Disse que se chamava Jéssica e pediu que Afonso pagasse um milk shake para ela.
Foram até um
fast food e Afonso pagou. Jéssica bebendo um de morango virou para Afonso e disse
que tinha gente que achava que os chineses dominariam São Paulo, mas para ela
seriam os italianos com uma pizzaria a cada esquina.
Afonso cada
vez se intrigara mais com aquela bela menina. Começaram a passear pela
rodoviária e ele ainda perturbado com aquela história de hora da felicidade
perguntou como fazer para ser feliz quando o mundo conspira contra.
Jéssica
terminando de beber seu mil shake e jogando fora o copo respondeu que o mundo
nunca conspira contra, o que conspira é nossa cabeça, ela que nos trava e
muitas vezes impede que sejamos felizes. Afonso riu e falou que aquilo era uma
bobagem perguntando porque alguém se boicotaria pra ser feliz. Jéssica
respondeu “por medo”.
Afonso parou
de andar e perguntou “Medo de ser feliz? Como assim?”. Jéssica ainda andando
respondeu que as pessoas têm mais medo de serem felizes que da morte porque a
morte é inevitável e a felicidade um passarinho que se não for bem cuidado
escapa de suas mãos.
Afonso continuou
parado ouvindo a menina que disparou “vai ficar aí parado”. Ele então se
apressa e lhe acompanha na caminhada.
Sentam e Afonso que sempre foi um cara reservado e nunca
gostou de se abrir com os outros resolveu contar para aquela desconhecida toda
sua história e como parara na rodoviária naquela noite. Jéssica ouviu a tudo
atentamente e no fim Afonso perguntou se era um monstro por ter feito tudo que
fez com Bianca.
Ela para uns segundos e responde que não. Ele não era
santo, nem monstro, apenas um ser humano comum com suas qualidades, defeitos e
que teria que aceitar que tudo que fazemos na vida tem um retorno e ele teria
que conviver com a conseqüência de seus atos.

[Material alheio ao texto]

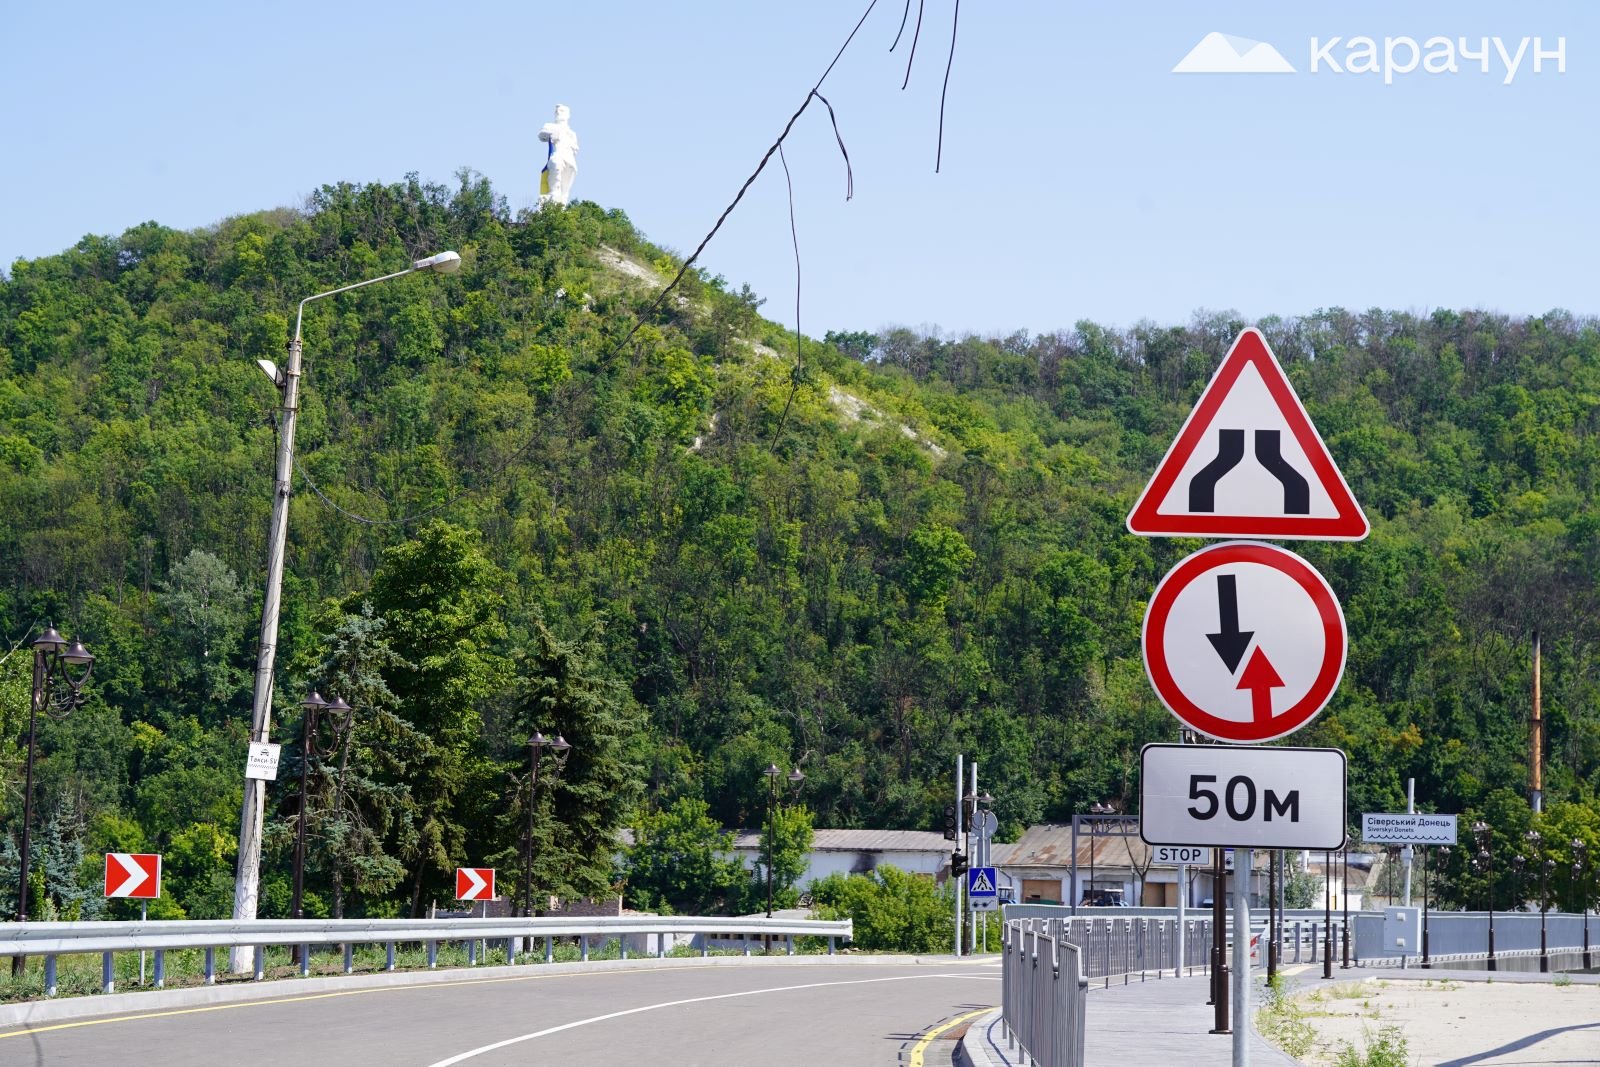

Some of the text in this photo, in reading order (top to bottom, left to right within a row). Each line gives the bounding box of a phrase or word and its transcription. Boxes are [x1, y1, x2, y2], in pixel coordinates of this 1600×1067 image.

[1187, 774, 1300, 823] 50м
[1367, 817, 1451, 827] Сіверський Донець
[1159, 848, 1201, 861] STOP
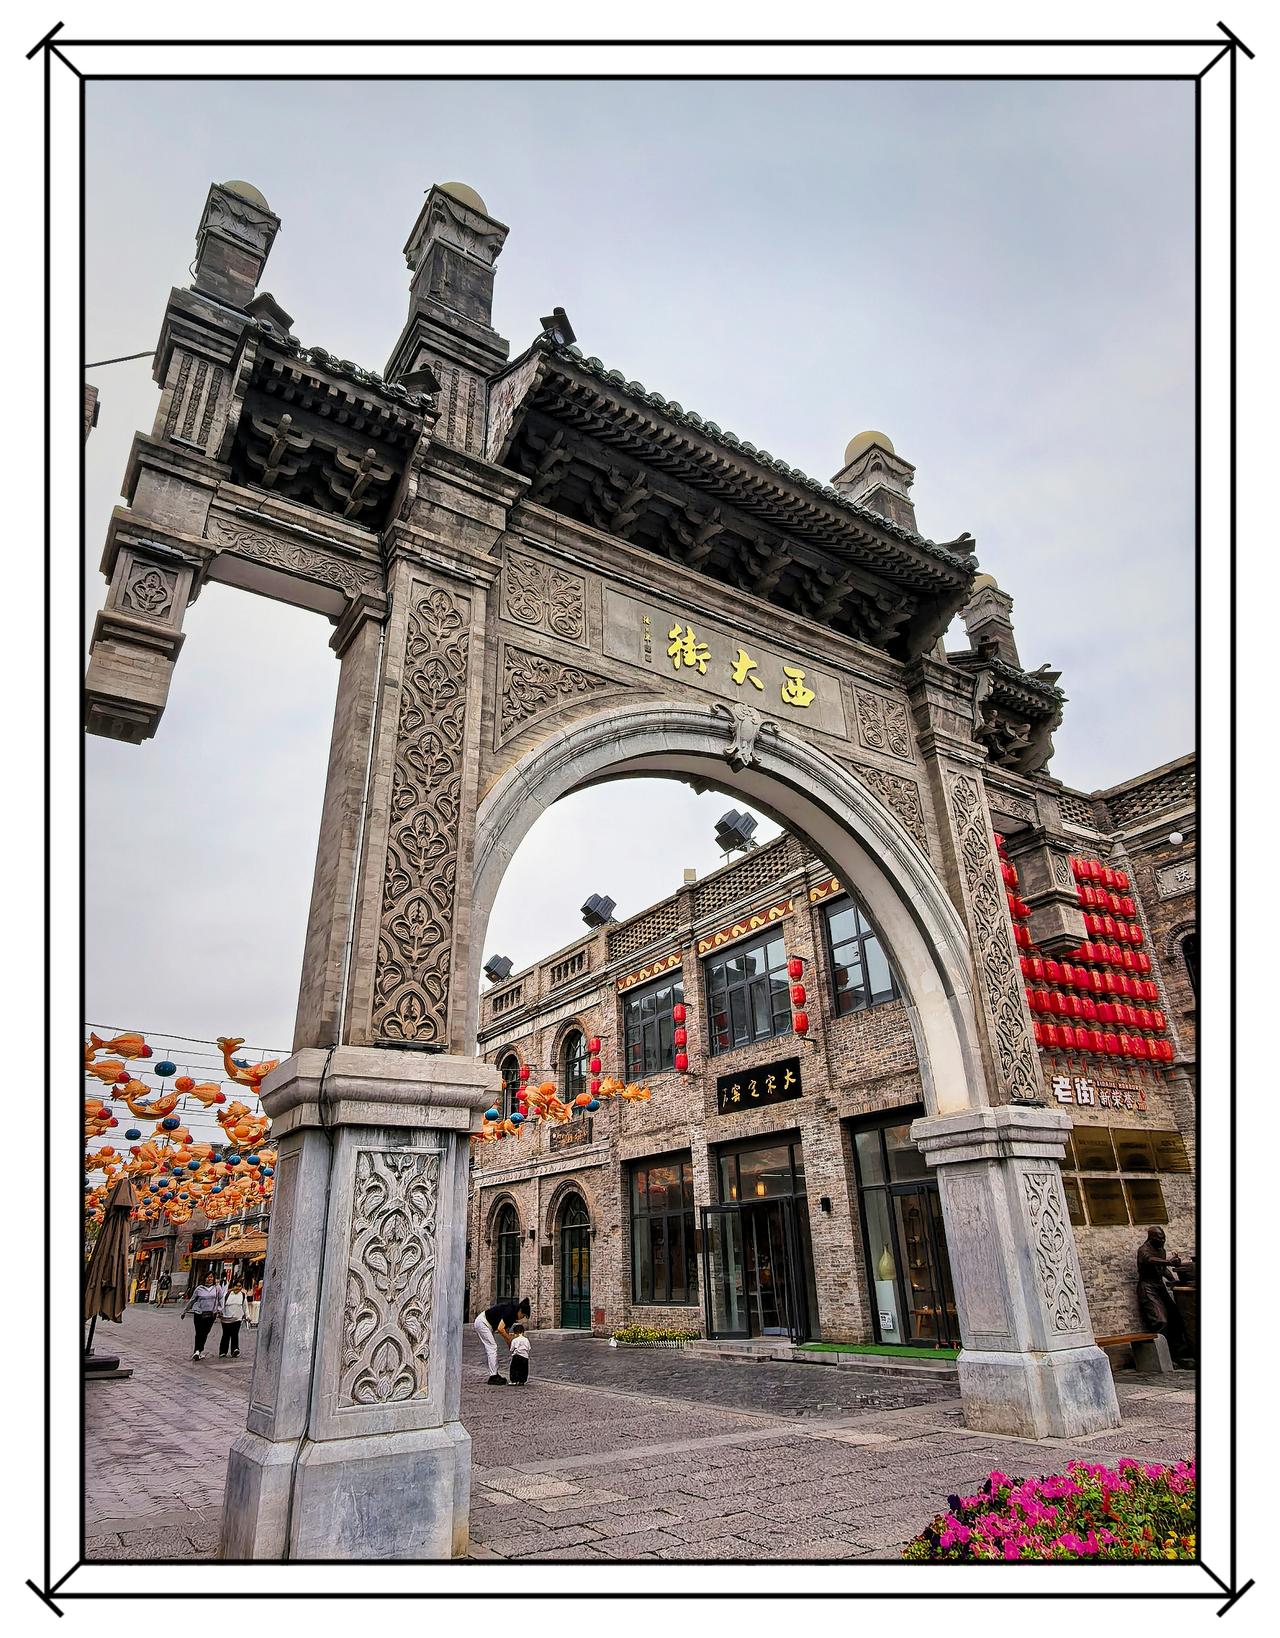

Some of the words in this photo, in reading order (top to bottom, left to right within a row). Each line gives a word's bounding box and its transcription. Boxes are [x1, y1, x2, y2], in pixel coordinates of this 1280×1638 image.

[667, 623, 816, 708] 西大街
[1052, 1075, 1095, 1105] 老街
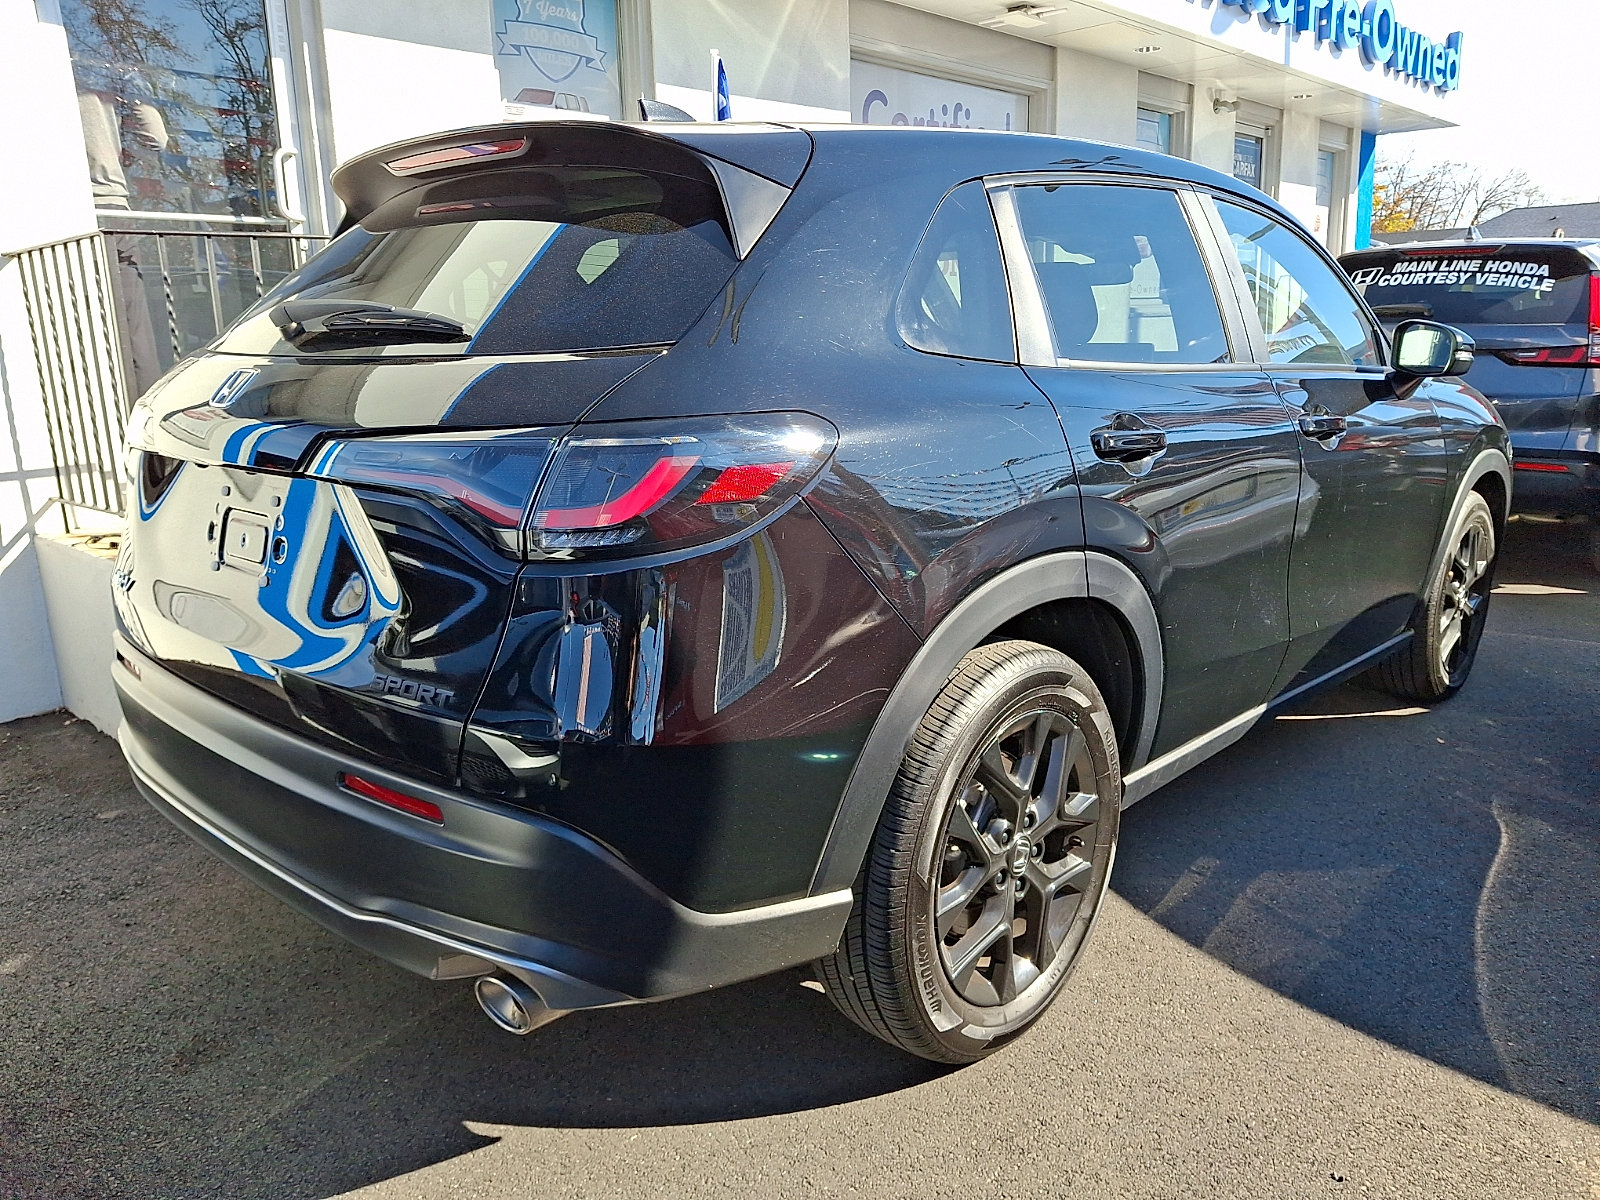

Afonso resignado olha para o chão e diz “perdi Bianca para
sempre” Jéssica responde que o pra sempre é muito tempo e ninguém sabe nem o
dia de amanhã, se amanhecerá vivo, não tem nem como prever o que acontecerá,
mas que uma certeza ele poderia ter, ela estaria sempre na sua vida porque só
gostando muito de alguém uma mulher passa por tudo aquilo e ainda aceita o
homem em sua vida.
Afonso que até então estava triste e com raiva de Bianca
por tê-lo feito ir a São Paulo a toa caiu na real e disse “é, ela vem sendo
muito bacana comigo”. Jéssica então aconselhou que ele segunda-feira entrasse
na Internet e falasse com ela como se nada tivesse acontecido, como se ele nem
tivesse ido a São Paulo.
Curioso com aquela menina que salvara sua noite foi a vez
de Afonso querer saber mais sobre Jéssica. Ela respondeu que sua vida era nada
demais. Estudava veterinária, tinha um irmão e estava voltando pra casa cheia
de saudades da família.
Afonso perguntou o que ela fora fazer em São Paulo e
brincando Jéssica respondeu que fora numa missão secreta, recebendo ordens e
que se lhe contasse teria que matá-lo. Afonso riu e falou que Jéssica era muito gente boa e que o amor que ela tinha
pela vida contagiava.
Jéssica então suspirou fundo e respondeu que nem sempre
fora assim. Sofreu um grave acidente de carro com o noivo seis meses antes e
ele morrera no acidente. Foi difícil para ela aceitar o ocorrido, chorou muito,
sofreu, mas que cuidaram muito bem dela no período e lhe mostraram a
importância da vida e que ela nunca acaba.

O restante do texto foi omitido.